Jane Schoenbrun’s film resists easy categorisation. There are elements of horror and depending on the viewer they may exist at different moments in the film. Schoenbrun isn’t judging their protagonists for the choices made and not made. Rather they are speaking to dysphoria and atomisation, where a person can be so afraid to be that they rewind every moment of becoming and undo it. Owen felt tied to ‘home’ – the house a metonymy for biological family. Could Owen have made different choices, even there in the small suburb? That is something someone outside of Owen’s experience cannot judge.
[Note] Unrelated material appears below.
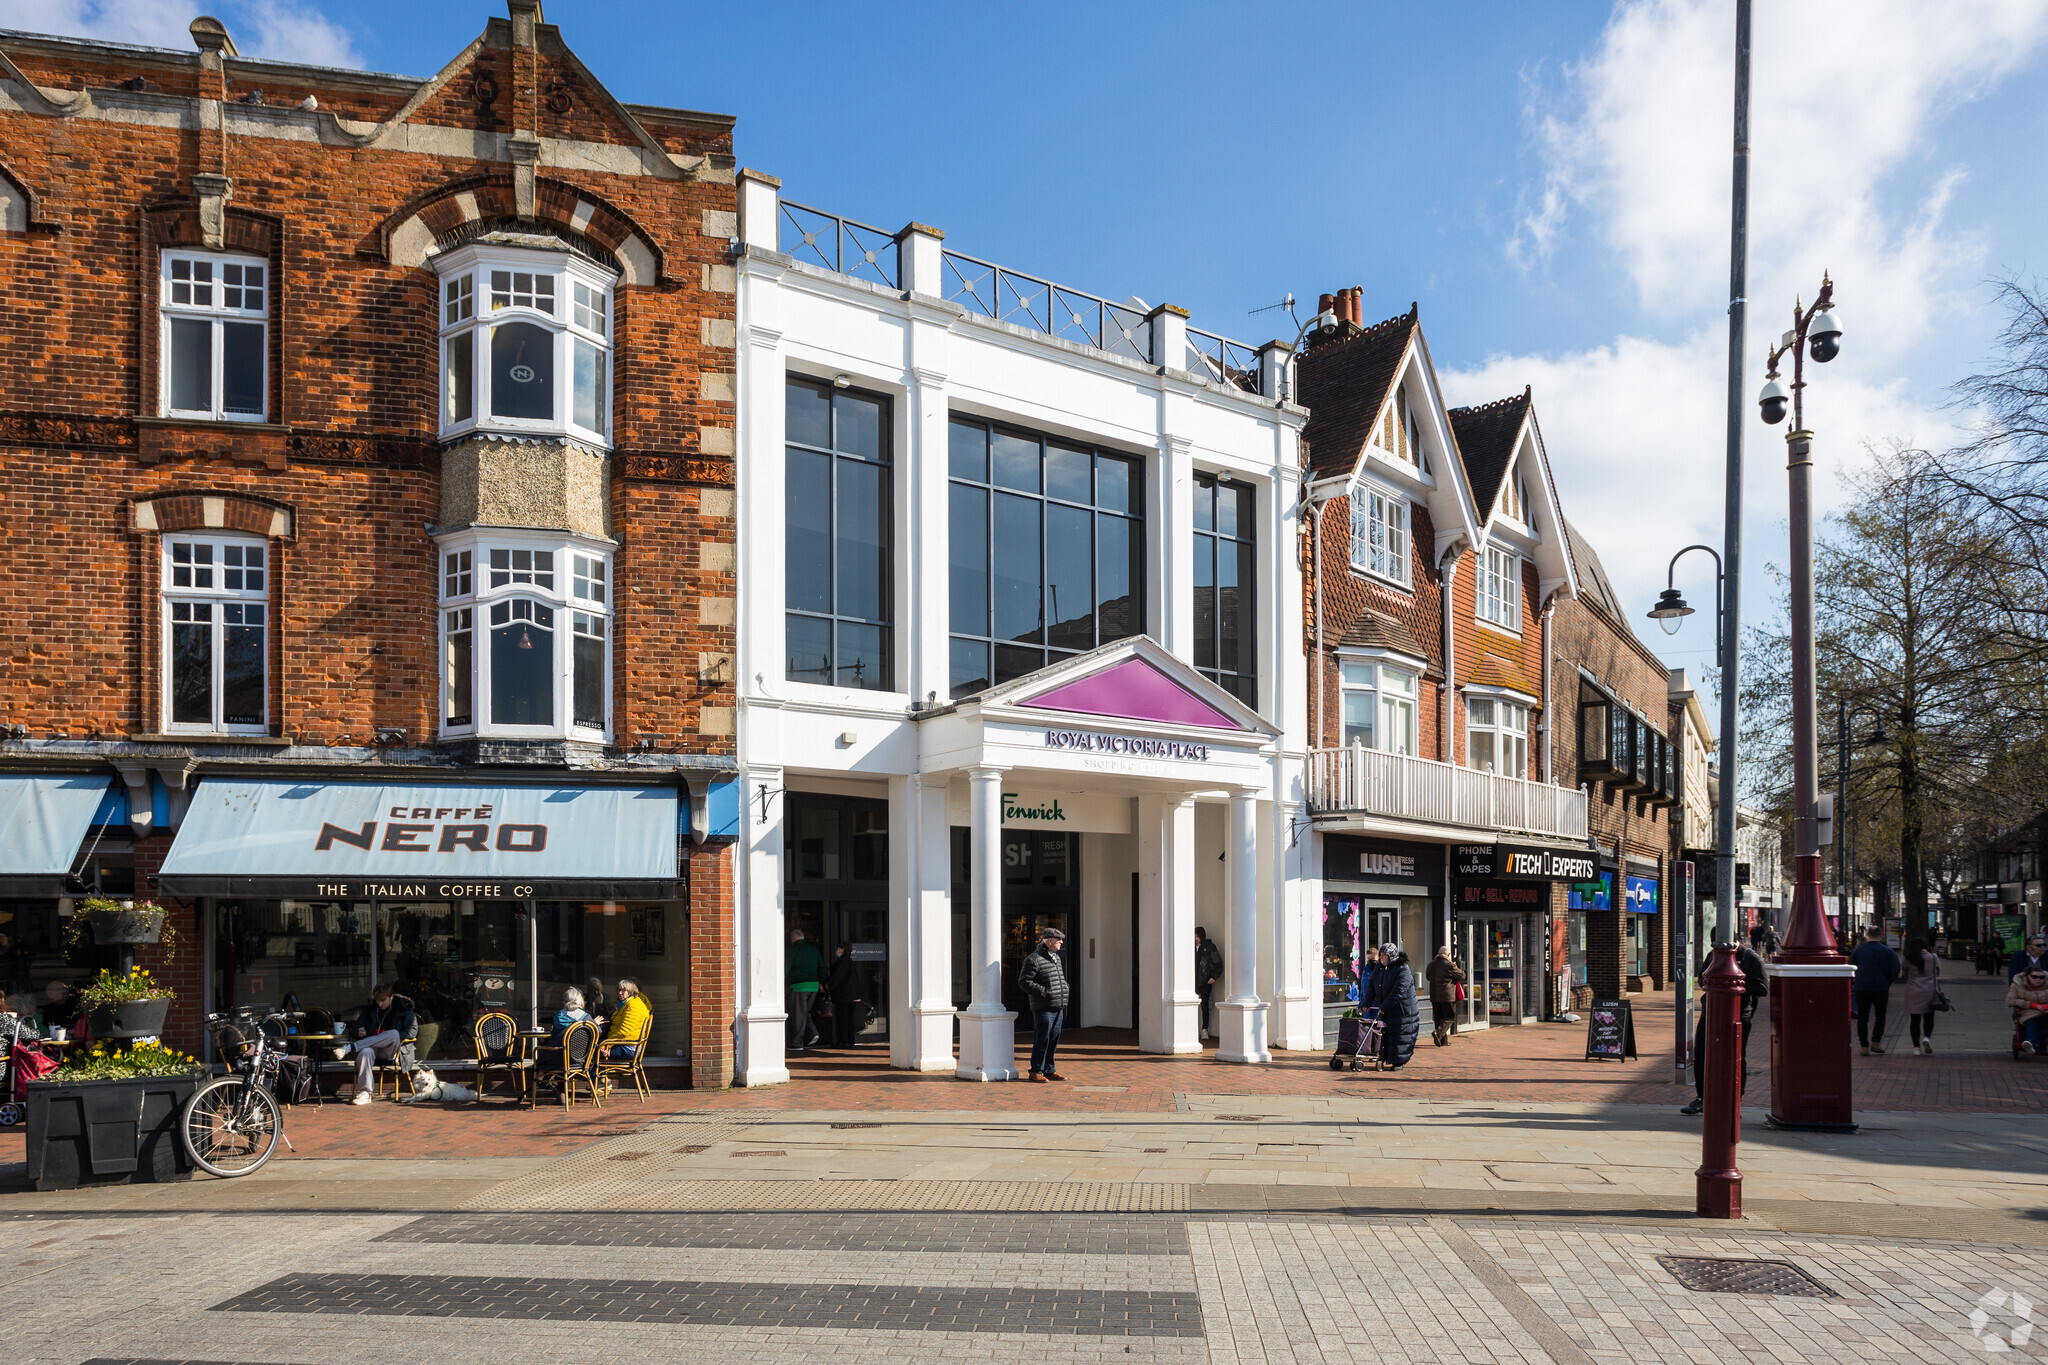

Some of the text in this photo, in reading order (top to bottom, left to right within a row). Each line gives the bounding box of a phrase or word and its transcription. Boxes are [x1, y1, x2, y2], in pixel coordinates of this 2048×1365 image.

I Saw the TV Glow is a visual farrago where Schoenbrun and cinematographer Eric Yue merge their polished but lo-fi ‘real world’ weird suburbia with the grainy VHS and network television aesthetic of the mid and late 1990s, weaving in references to long forgotten shows. Like Owen and Maddy, the audience experiences an off-kilter merging of scrambled signals and static, where Tara, Isabel, Maddy, and Owen exist and do not exist.
I Saw the TV Glow shortens and extends time; it circles back on itself as it moves forward creating a loop of always and never. Jane Schoenbrun’s art is singular and strange, seducing the eye and the mind to hone in on their frequency. I Saw the TV Glow crackles on a wavelength of originality and purpose.
Writer and director: Jane Schoenbrun
Starring: Justice Smith, Brigette Lundy-Payne, Danielle Deadwyler, and Fred Durst
I Saw the TV Glow screened as part of the 2024 Melbourne International Film Festival, and is now playing in Australian cinemas.